### [About this exercise]
A verbatim reproduction of every entry is the expected answer.

### [Dataset records]
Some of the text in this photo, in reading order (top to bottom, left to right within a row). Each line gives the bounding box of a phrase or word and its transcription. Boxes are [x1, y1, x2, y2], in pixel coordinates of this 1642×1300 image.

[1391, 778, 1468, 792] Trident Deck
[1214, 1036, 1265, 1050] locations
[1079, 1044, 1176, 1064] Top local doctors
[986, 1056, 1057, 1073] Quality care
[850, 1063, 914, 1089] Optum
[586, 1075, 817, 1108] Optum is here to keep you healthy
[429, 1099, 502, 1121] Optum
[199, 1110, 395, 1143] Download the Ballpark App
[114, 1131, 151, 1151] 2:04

### [Result of the exercise]
Some of the text in this photo, in reading order (top to bottom, left to right within a row). Each line gives the bounding box of a phrase or word and its transcription. Boxes are [x1, y1, x2, y2], in pixel coordinates of this 1642×1300 image.

[1391, 778, 1468, 792] Trident Deck
[1214, 1036, 1265, 1050] locations
[1079, 1044, 1176, 1064] Top local doctors
[986, 1056, 1057, 1073] Quality care
[850, 1063, 914, 1089] Optum
[586, 1075, 817, 1108] Optum is here to keep you healthy
[429, 1099, 502, 1121] Optum
[199, 1110, 395, 1143] Download the Ballpark App
[114, 1131, 151, 1151] 2:04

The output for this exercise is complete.